EXERCISE DIRECTIONS :: Copy every record verbatim but exclude the pictures.

Records from a dataset
—————

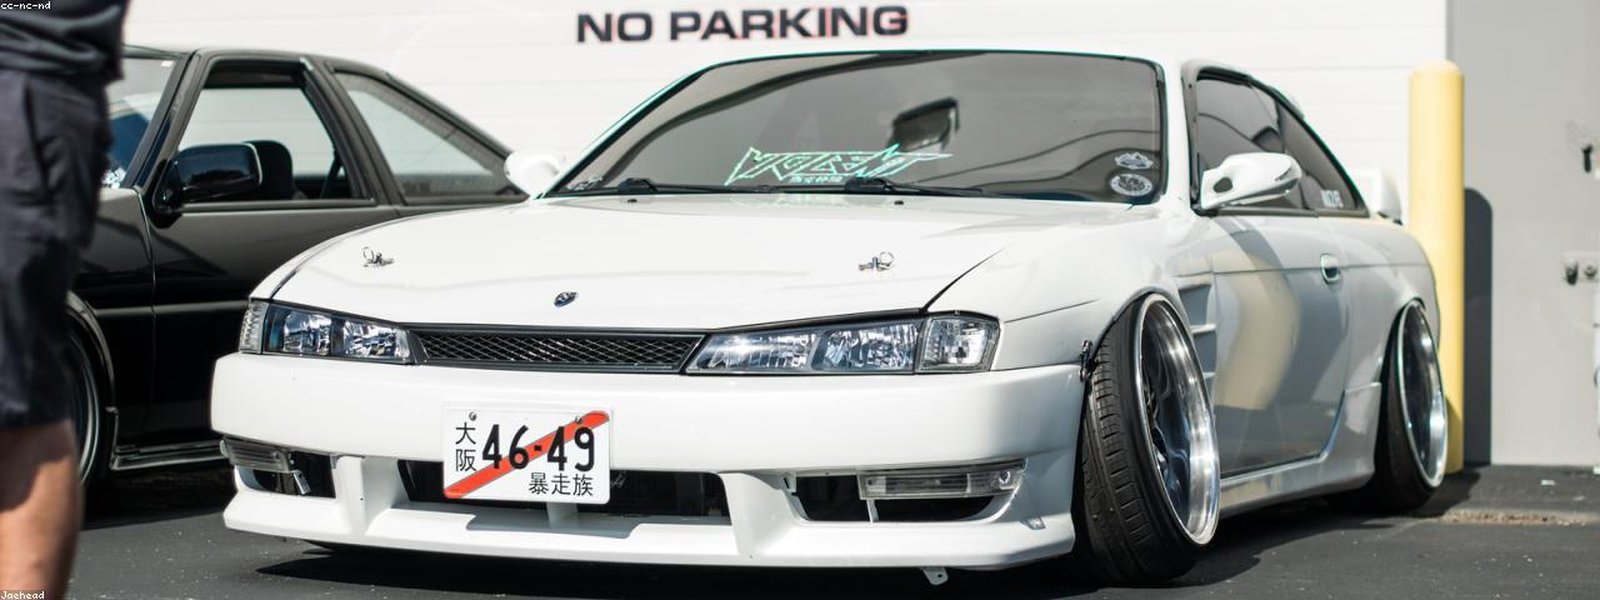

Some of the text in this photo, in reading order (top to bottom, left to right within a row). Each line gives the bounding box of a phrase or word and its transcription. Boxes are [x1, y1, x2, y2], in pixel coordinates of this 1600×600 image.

[576, 6, 909, 43] NO PARKING
[455, 421, 477, 472] 大阪
[528, 471, 594, 496] 暴走族
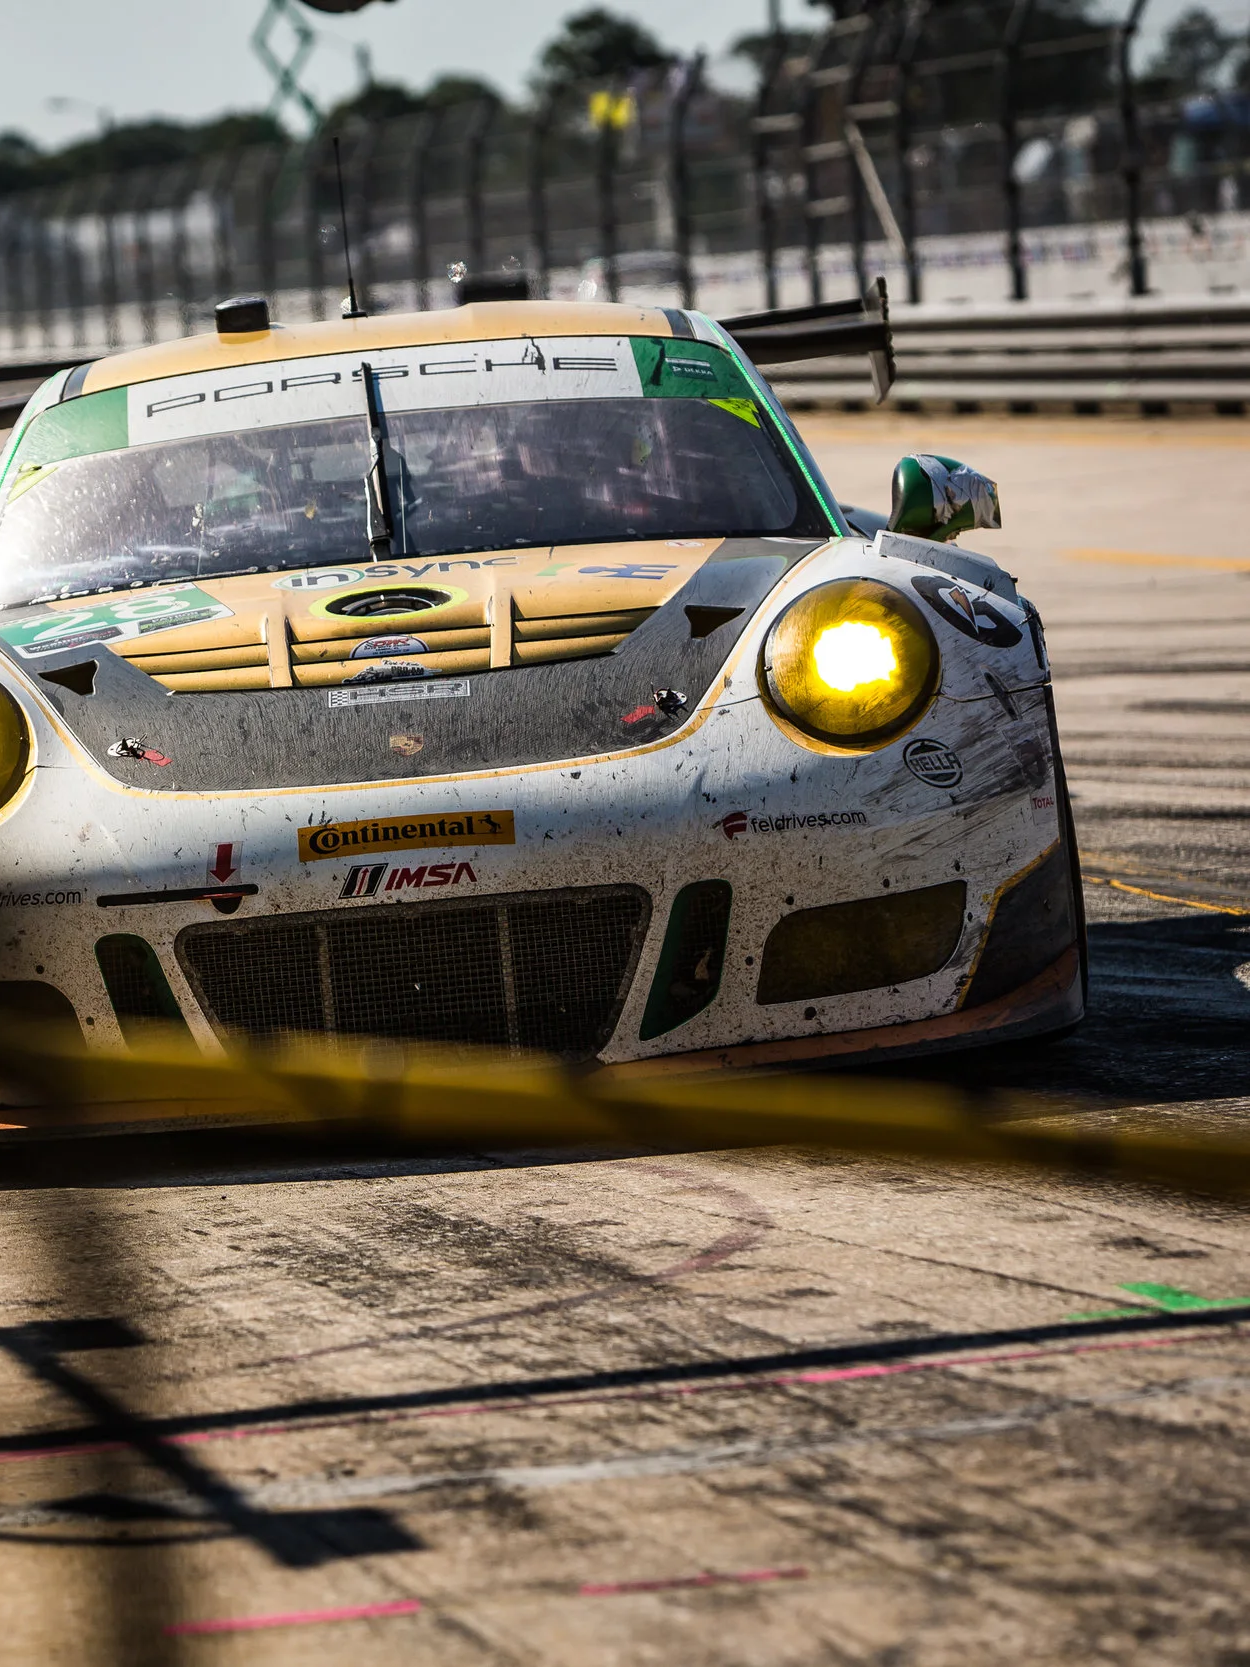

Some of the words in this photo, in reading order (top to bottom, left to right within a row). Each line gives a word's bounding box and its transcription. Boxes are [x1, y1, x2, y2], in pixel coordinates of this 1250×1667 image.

[146, 356, 618, 418] PORSCHE
[21, 596, 190, 642] 28
[909, 748, 962, 771] HELLA
[1033, 796, 1054, 810] TOTAL
[309, 816, 476, 855] Continental
[750, 810, 867, 835] feldrives.com
[384, 862, 478, 891] IMSA

—————

PROBLEM SOLUTION ::
Some of the text in this photo, in reading order (top to bottom, left to right within a row). Each line gives the bounding box of a phrase or word and its transcription. Boxes are [x1, y1, x2, y2], in pixel coordinates of this 1600×600 image.

[576, 6, 909, 43] NO PARKING
[455, 421, 477, 472] 大阪
[528, 471, 594, 496] 暴走族

Some of the words in this photo, in reading order (top to bottom, left to right within a row). Each line gives a word's bounding box and its transcription. Boxes are [x1, y1, x2, y2], in pixel coordinates of this 1250×1667 image.

[146, 356, 618, 418] PORSCHE
[21, 596, 190, 642] 28
[909, 748, 962, 771] HELLA
[1033, 796, 1054, 810] TOTAL
[309, 816, 476, 855] Continental
[750, 810, 867, 835] feldrives.com
[384, 862, 478, 891] IMSA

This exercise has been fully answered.